--- Record extracts Enclosed Below ---

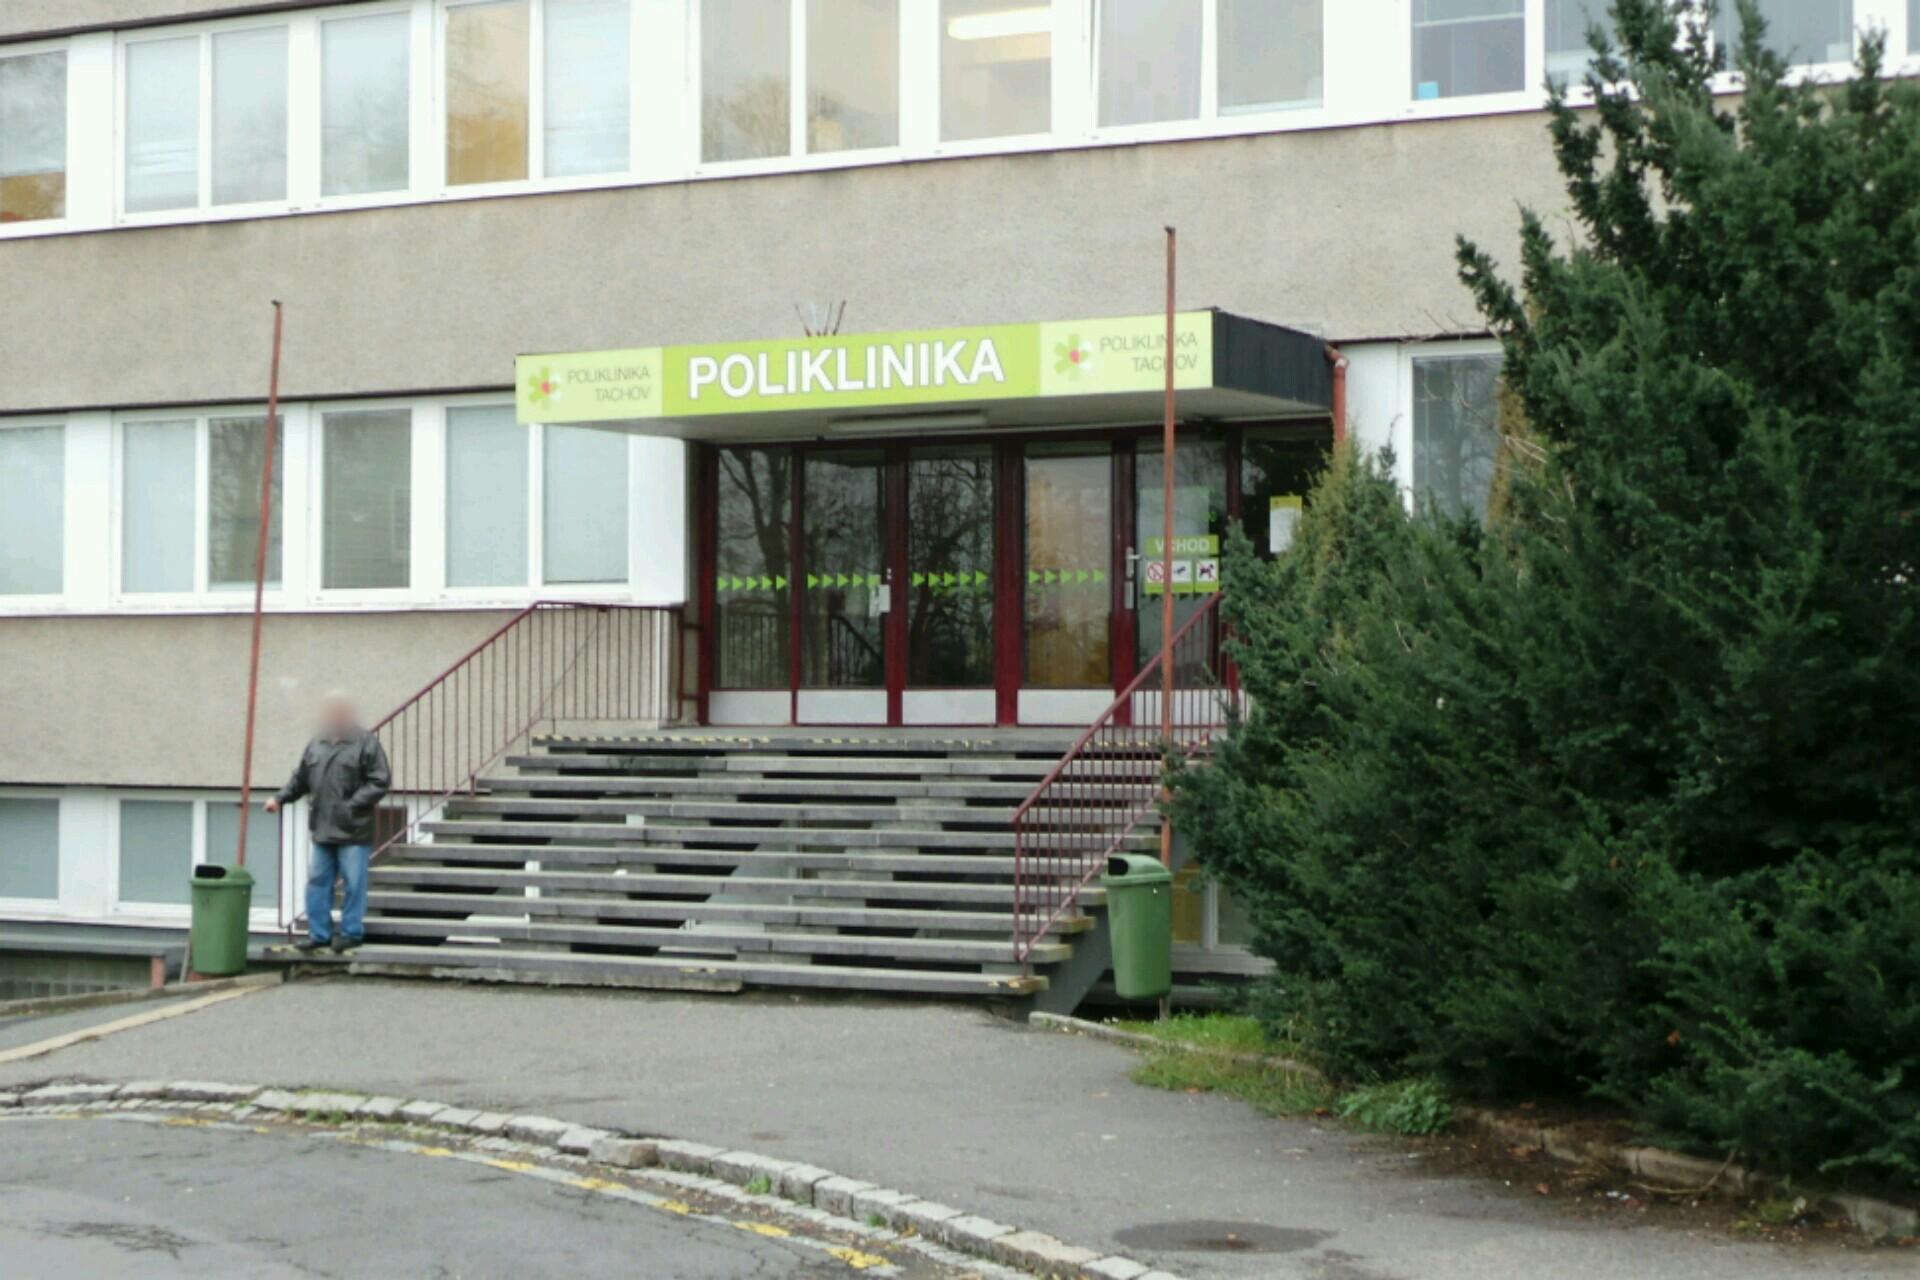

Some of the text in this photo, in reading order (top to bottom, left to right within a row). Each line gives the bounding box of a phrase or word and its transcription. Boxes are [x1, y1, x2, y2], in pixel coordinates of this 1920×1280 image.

[1099, 331, 1198, 352] POLIKLINKA
[568, 365, 650, 384] POLIKLINIKA
[688, 338, 1006, 401] POLIKLINIKA
[595, 385, 650, 401] TACHOV

--- End of Enclosed Record extracts ---

Return all the records exactly, excluding images.

__Answer to this task__:
Some of the text in this photo, in reading order (top to bottom, left to right within a row). Each line gives the bounding box of a phrase or word and its transcription. Boxes are [x1, y1, x2, y2], in pixel coordinates of this 1920×1280 image.

[1099, 331, 1198, 352] POLIKLINKA
[568, 365, 650, 384] POLIKLINIKA
[688, 338, 1006, 401] POLIKLINIKA
[595, 385, 650, 401] TACHOV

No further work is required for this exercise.